The difference is that Hyundai Wia's divestiture is an intra-group transaction. That might seem simpler. But intra-group carve-outs carry a specific trap: the assumption that shared culture eliminates the need for formal integration design. History suggests otherwise. Even where the acquirer and seller share a parent company, supply chain agreements, procurement systems, customer-facing contracts, and workforce psychological alignment require explicit integration architecture — not informal co-ordination.
Korea Parallel: What RaymondsIndex Tells Us
RaymondsIndex covers 3,109 M&A transactions and shows that 78% of carve-outs encounter critical system-separation issues within the first 90 days post-close. Effect sizes (Cohen's d > 0.8) appear most reliably in one variable: whether a formal Day-1 readiness framework existed pre-signing, not pre-close.
That distinction matters. By the time closing conditions are satisfied — regulatory approvals, employee consultations, TSA negotiation — the window to design an effective Day 1 has often already passed. The carve-out's first weeks are determined by decisions made months earlier.

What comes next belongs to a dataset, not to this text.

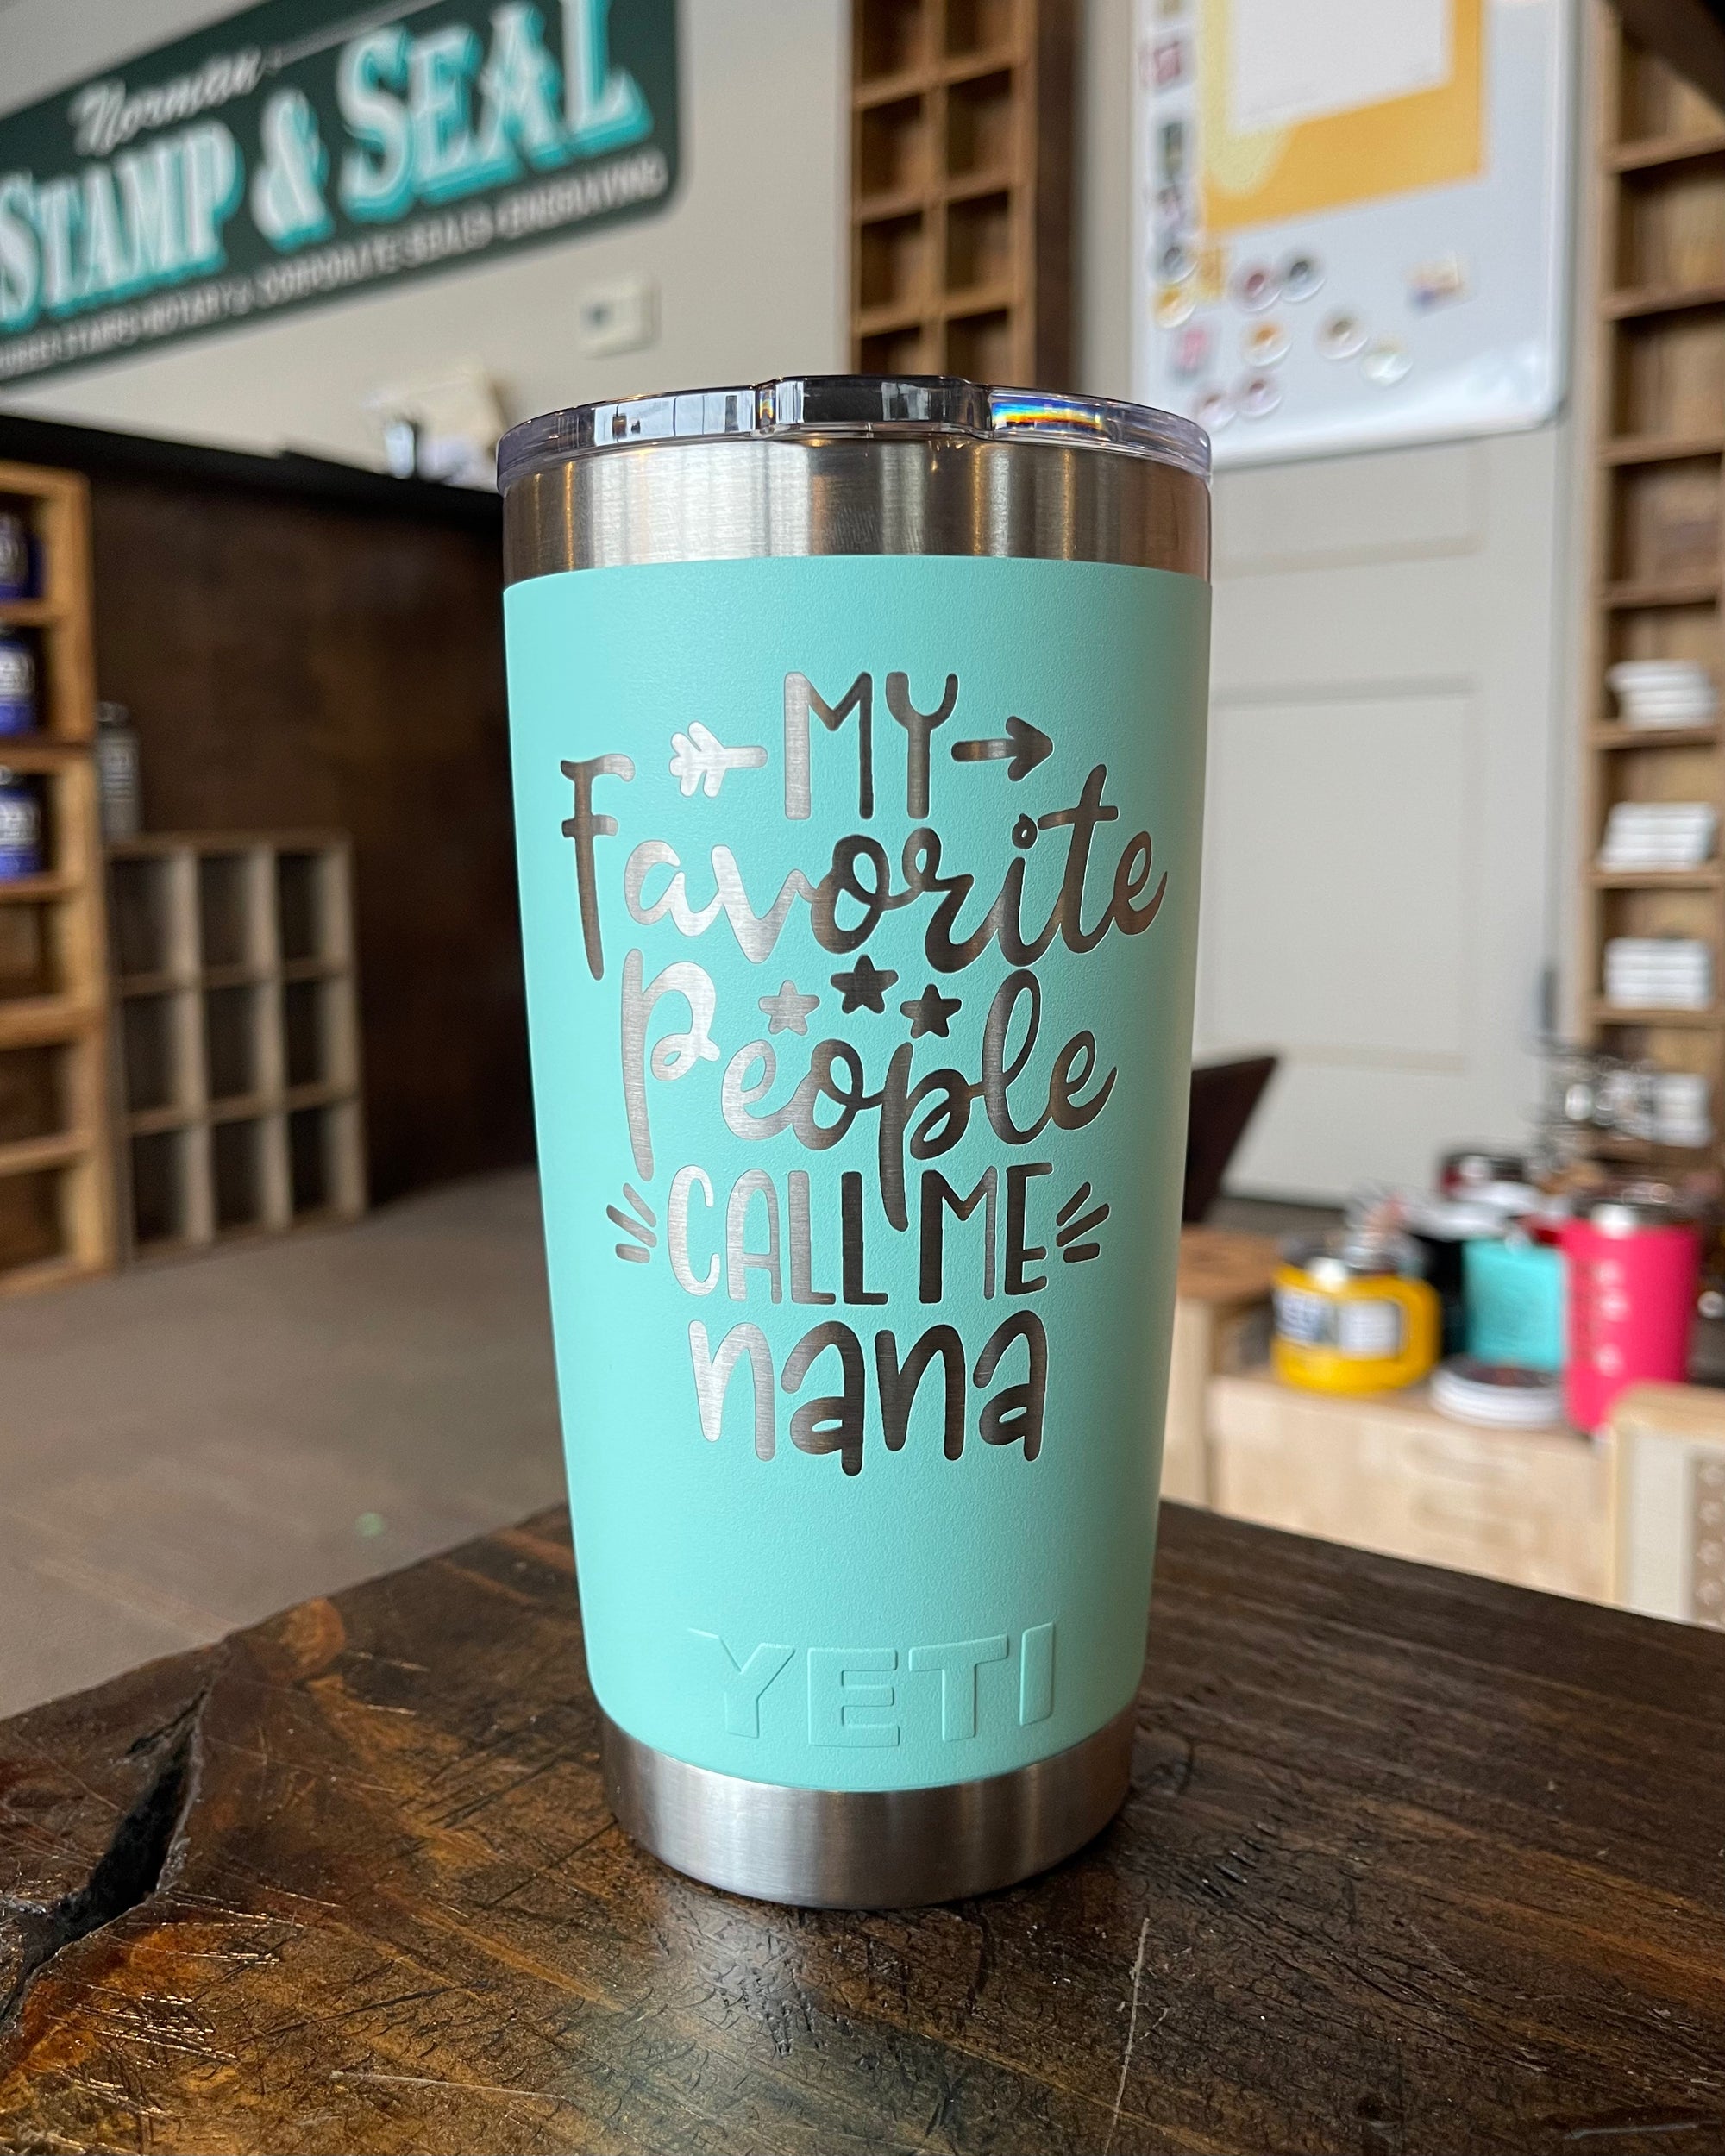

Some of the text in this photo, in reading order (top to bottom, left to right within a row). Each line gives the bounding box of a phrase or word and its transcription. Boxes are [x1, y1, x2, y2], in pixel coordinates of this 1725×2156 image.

Forvia and Apollo are targeting H2 2026 for closing. That means the integration design work begins now.
Conclusion
Carve-outs are among the most structurally complex transactions in M&A. They are also, when executed well, among the highest-value. The Forvia-Apollo deal and the Hyundai Wia-Rotem transaction share a common requirement: treating "Day 1" not as the closing date, but as an operating milestone that must be planned, staffed, and rehearsed well in advance.
The numbers that made these deals attractive — €1.82 billion, 19 countries, 50 years of manufacturing heritage — will only be realised if the quieter work of integration architecture is done right.
References
Schipper, K. & Smith, A. (1986). A comparison of equity carve-outs and seasoned equity offerings. Journal of Financial Economics, 15(1–2), 153–186.
Berger, P.G. & Ofek, E. (1995). Diversification's effect on firm value. Journal of Financial Economics, 37(1), 39–65.